Today we came across a Sargavan merchant ship under attack by a Shackles drekar. Once the pirates inevitably won, they turned toward Crisis, rightly wary. I signaled the attack, and battle was joined. Their catapult had range on us, and our sails took a bit more damage than I might’ve liked, but Reiko’s skill at the helm soon closed the gap.

She recognized the ship – called Devil’s Pallor – and said ‘er captain was a hobgoblin called Svard. No clue what a hobgoblin is, and Reiko was no help. Feruzi tried, an’ I seem ta recall declaring her Loremaster for it, but really I should’ve just sought out Kroop. The old man knows just about everything.

At any rate, we got within boarding range, so I boarded the drekar and challenged the captain, the ugly brute. Whereupon he shot me with a crossbow. What a dick! I think it was even poisoned, but it didn’t slow me much. We engaged the bastard in melee, and what did give me pause was his sword arm. He almost took my bloody leg off with his weird curved sword, like an oversized kukri.

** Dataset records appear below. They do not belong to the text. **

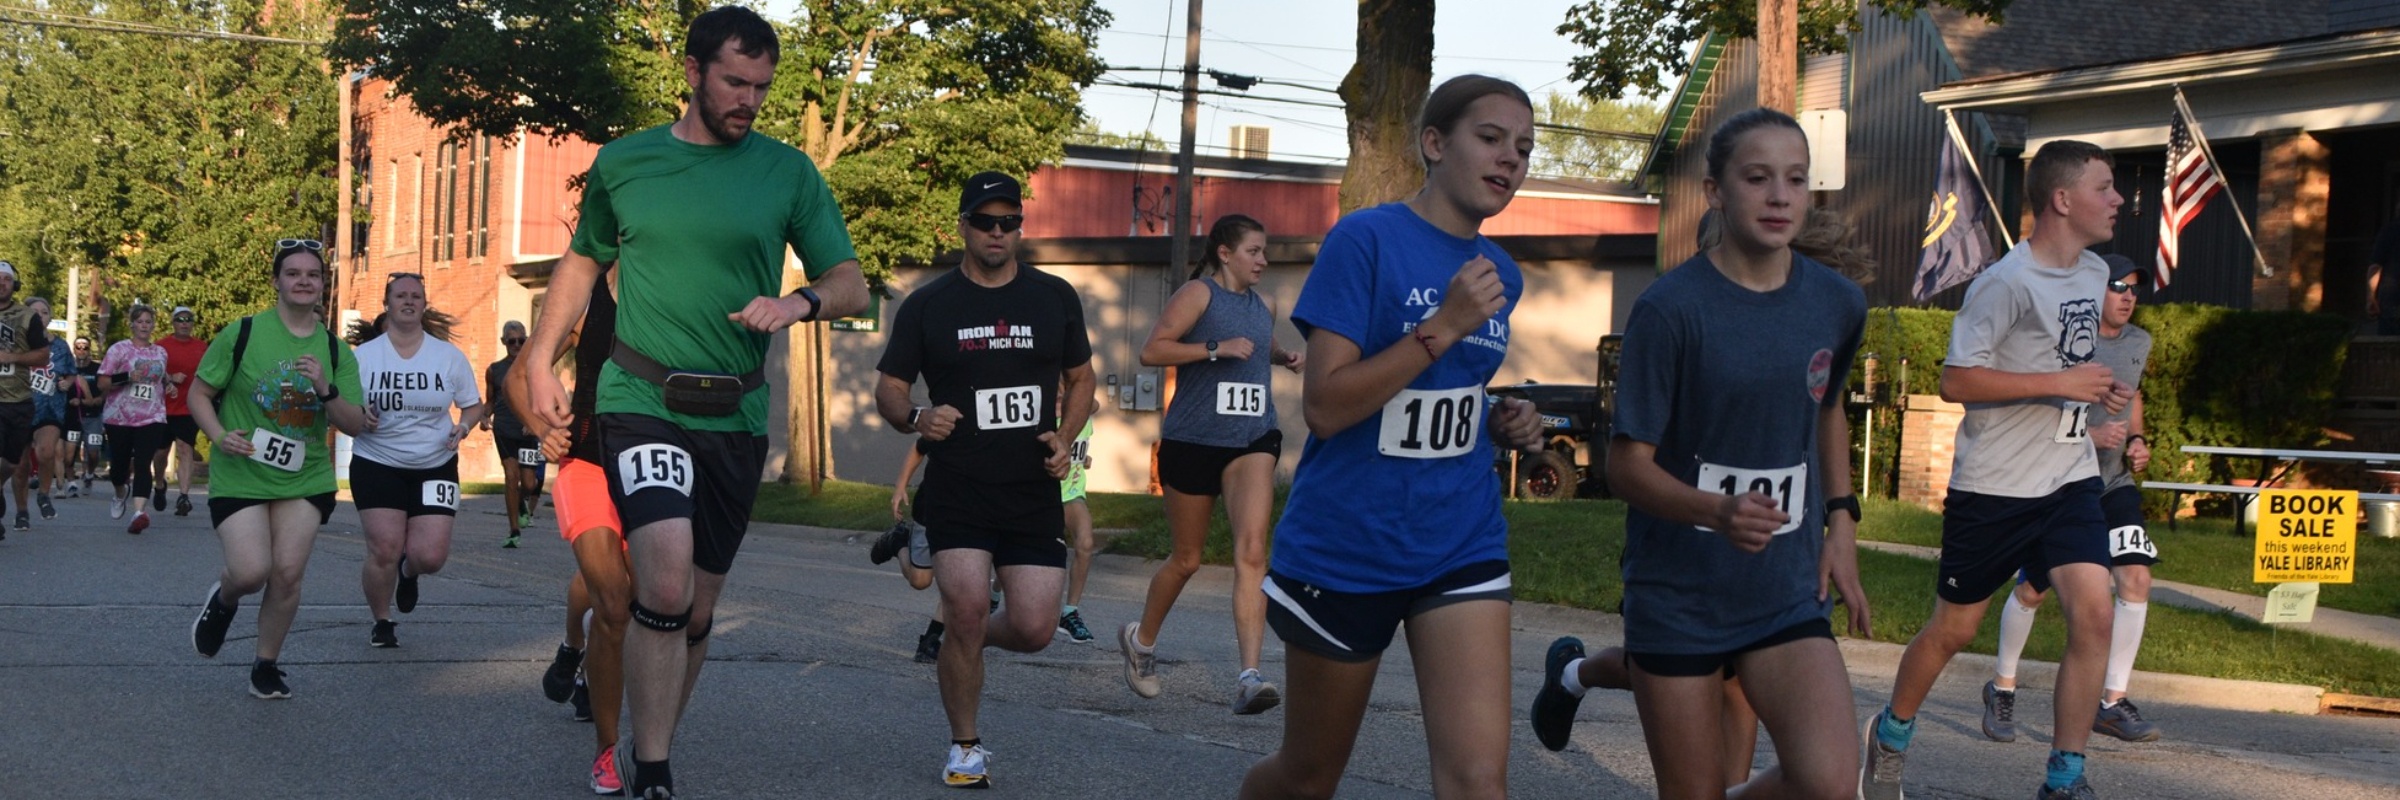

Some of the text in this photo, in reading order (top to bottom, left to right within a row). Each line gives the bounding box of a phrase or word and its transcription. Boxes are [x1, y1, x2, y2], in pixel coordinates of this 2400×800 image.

[1405, 287, 1438, 306] AC
[958, 338, 1034, 352] 70.3 MICHIGAN
[31, 374, 49, 391] 151
[134, 385, 152, 399] 121
[369, 371, 445, 392] I NEED A
[988, 390, 1035, 424] 163
[1226, 386, 1260, 413] 115
[1400, 394, 1475, 451] 108
[263, 436, 296, 466] 55
[631, 449, 686, 488] 155
[436, 483, 455, 506] 93
[2270, 494, 2345, 515] BOOK
[2279, 518, 2335, 537] SALE
[2265, 540, 2347, 554] this weekend
[2259, 555, 2350, 571] YALE LIBRARY

Reiko waded in and ended the fight, as is her way, and Svard’s crew lost their will to repel us. A bit of quick looting, redistribution of crew assets, and placing the samurai in charge of Devil’s Pallor, then we took both ships to pursue the Sargavan vessel – Sea Chanty – to make sure they weren’t transporting slaves and to collect a reward for services rendered.

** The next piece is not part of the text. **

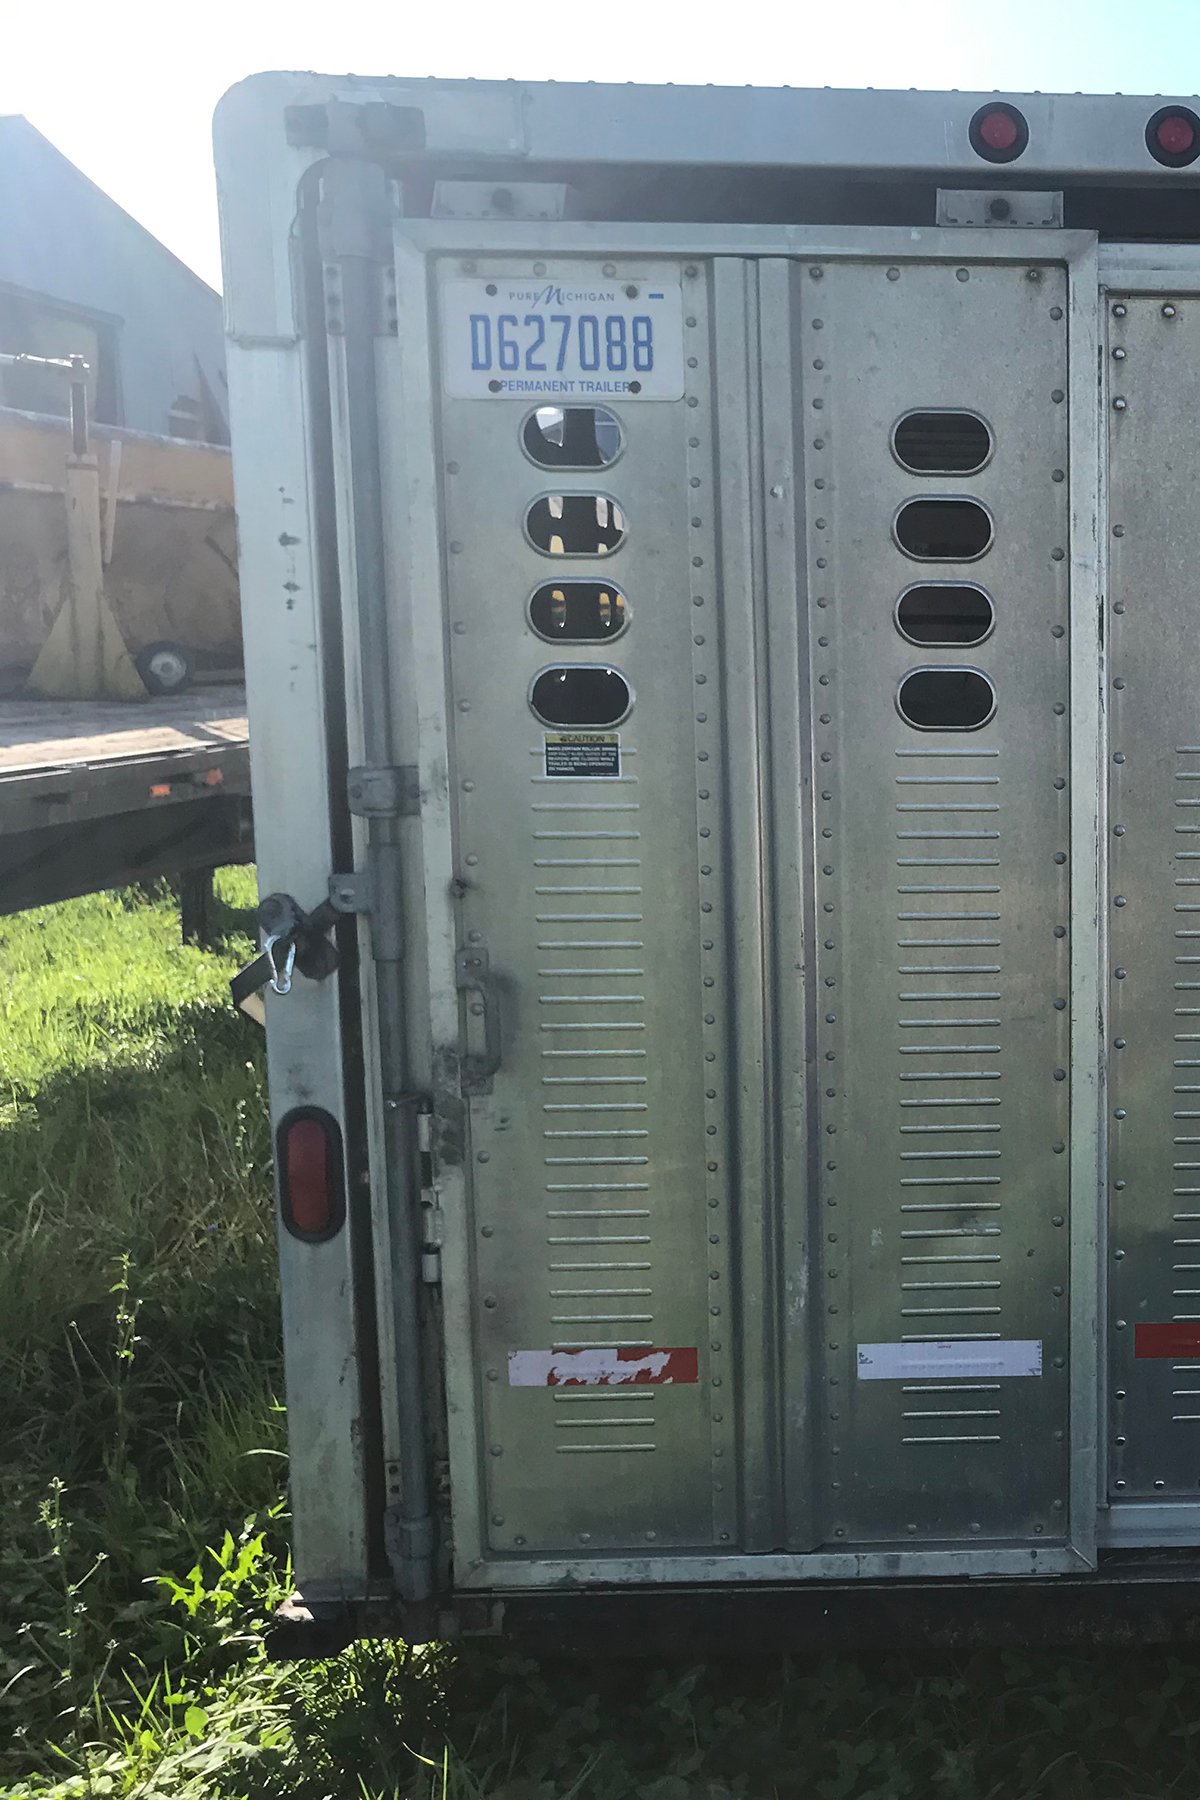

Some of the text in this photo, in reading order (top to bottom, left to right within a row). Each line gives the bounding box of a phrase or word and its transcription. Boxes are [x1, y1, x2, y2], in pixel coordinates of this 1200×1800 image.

Their captain was agreeable enough once she’d stopped running. I accepted her offered reward and verified that the ship was slave-free and seaworthy, then ordered my crew to depart and leave them in peace. No one seems to know what to make of it when I do things like this. I prefer it that way.

Only one thing is dampening my mood at the moment: looks like another bloody storm tonight.

* * *

I like to sing ta keep the crew’s spirits up an’ sorta bond with ‘em. Give ’em somethin’ harmless ta mock me about in a companionable sorta way. I may have to rethink that policy, given the lightning strike that took Crisis‘s mainmast. I ain’t sayin’ Besmara don’t appreciate my voice, but I also ain’t sayin’ she does.

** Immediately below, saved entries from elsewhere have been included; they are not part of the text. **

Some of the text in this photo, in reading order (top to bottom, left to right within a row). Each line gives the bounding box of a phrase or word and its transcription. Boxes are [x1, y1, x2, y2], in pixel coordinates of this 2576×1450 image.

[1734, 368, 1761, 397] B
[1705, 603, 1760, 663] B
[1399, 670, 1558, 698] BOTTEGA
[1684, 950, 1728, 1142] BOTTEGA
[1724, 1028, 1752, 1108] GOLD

It was a harrowing few moments as we rushed to cut the broken top-half of the mast free, but there was nothin’ for it. Had to let it drift free or risk punchin’ holes in our hull. Wasn’t confident we could weather the storm with such a breach, even with the Pallor to support us.

We did survive the night, as it happens, which is why I am able to write this sentence. Time to return to Tidewater to share the plunder, the news of our exploits, and to repair my bloody ship. She’s wounded, and that hurts my heart.

* * *

The Rock has come under attack by sahuagin in our absence, a worker slain, the grandson of Lady Smythee’s personal servants grievously wounded. I did not hesitate to offer my services in an effort to save the boy’s life. His torn flesh and broken leg looked grim, but I took a deep breath and gave the effort my full attention, using every bit o’ expertise my mind and hands could provide ta set the bone and ward off infection.

A few hours later, the boy was out o’ the woods, an’ I went to get cleaned up. I came back to overhear a conversation ‘tween Feruzi an’ Sergeant McCleagh ‘bout a gift she’d received from Captain Pegsworthy. Some manner of enchanted bow. He must be sweeter on our dear savage than I thought! For her part, Ruse seemed someways conflicted. I told her to quit bein’ a fool and to marry the man, but she still seemed inclined to return the gift. Pretty sure I’ll never understand women, and that one in particular.

Speakin’ o’ which, time for my wedding!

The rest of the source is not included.